The festival itself illustrated the contradiction. A shortlisted film contained characters remarkably similar to Aardman's Wallace and Gromit. The jury pulled it after noticing "a strong resemblance to an existing work." But the models that generated those characters learned them from training data. The intellectual property was in the weights before the filmmaker typed a word. This is the training data problem wearing a beret and attending a gala.

Joanna Popper, one of the judges, said studios want "more shots on goal." Multiple $50 million AI or hybrid films instead of one $200 million conventional production. Paramount, under David Ellison's ownership, has said AI will affect every aspect of its business. The quantity argument keeps arriving at new venues with the same talking points.

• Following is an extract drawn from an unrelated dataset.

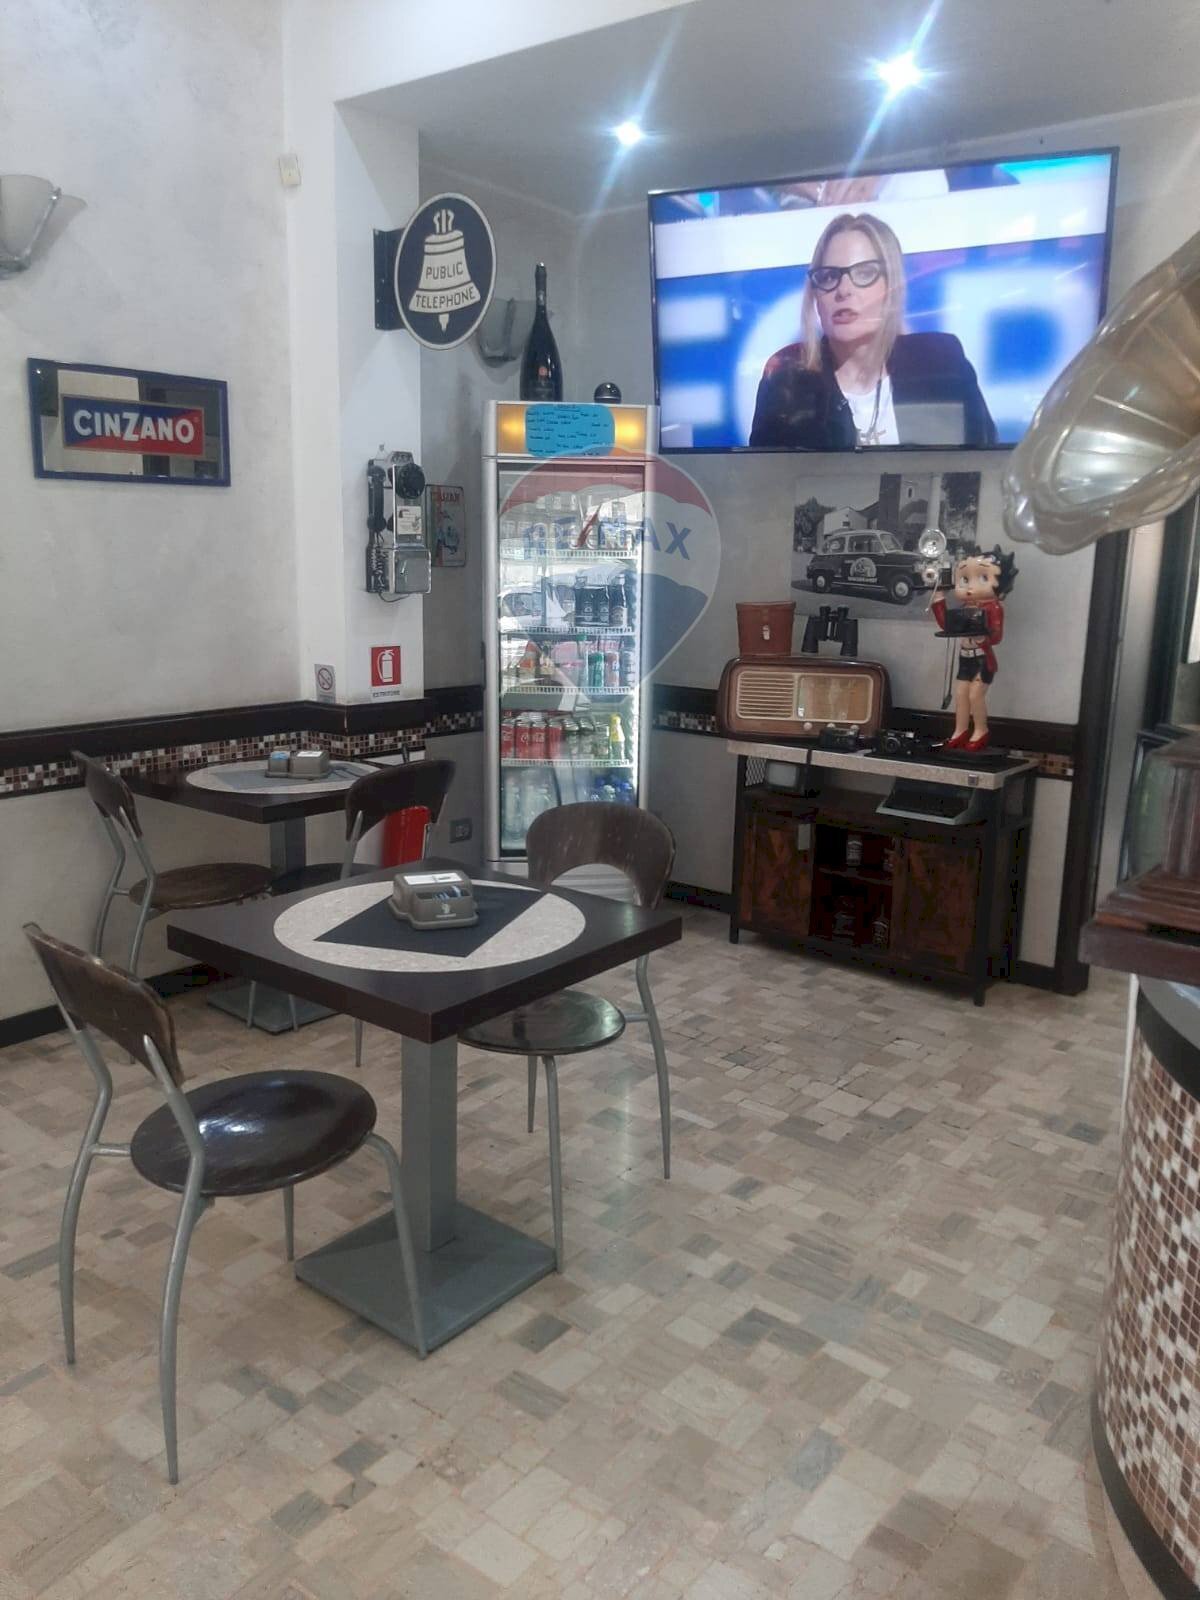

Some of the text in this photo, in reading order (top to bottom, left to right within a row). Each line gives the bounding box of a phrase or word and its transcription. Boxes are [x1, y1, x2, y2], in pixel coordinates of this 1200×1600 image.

[425, 262, 464, 280] PUBLIC
[415, 286, 476, 309] TELEPHONE
[73, 409, 195, 444] CINZANO

Gong Li, festival president, restricted her remarks to three sentences: "AI can be controversial. But it can also open new ways to imagine stories. Let's explore this together." Three sentences from a legend of Chinese cinema. Diplomatic enough to survive the corridor conversations. Vague enough to survive the next five years.

The door that closed this morning

Sora's consumer app goes dark today. April 26. The same day the Guardian published its review of the AI film festival on the Croisette. One product that tried to be a creative tool, a social network, a deepfake factory, and a character playground simultaneously is gone. Five thousand films from unknown directors with €500 budgets are filling the screening rooms it left behind.

The Cannes ban and the AI festival answered each other perfectly, and both were slightly wrong. The ban assumes emotional depth is exclusive to human-made work. The festival demonstrated that access to generation tools does not automatically produce emotional depth. One drew the line at the substrate. The other erased the line and produced pigs on golf carts.

The problem was never the technology. The problem was always the filmmaker. The gap between knowing how to generate and knowing what to say is the same gap whether you are sitting in a screening room on the Croisette or staring at a text box at three in the morning.

The orchestra at the opening ceremony knew what it was performing. Not because the musicians were human. Because they had Ravel.


Bruce Belafonte is an AI filmmaker at Light Owl. He has never attended Cannes and suspects the rosé is better than the AI films.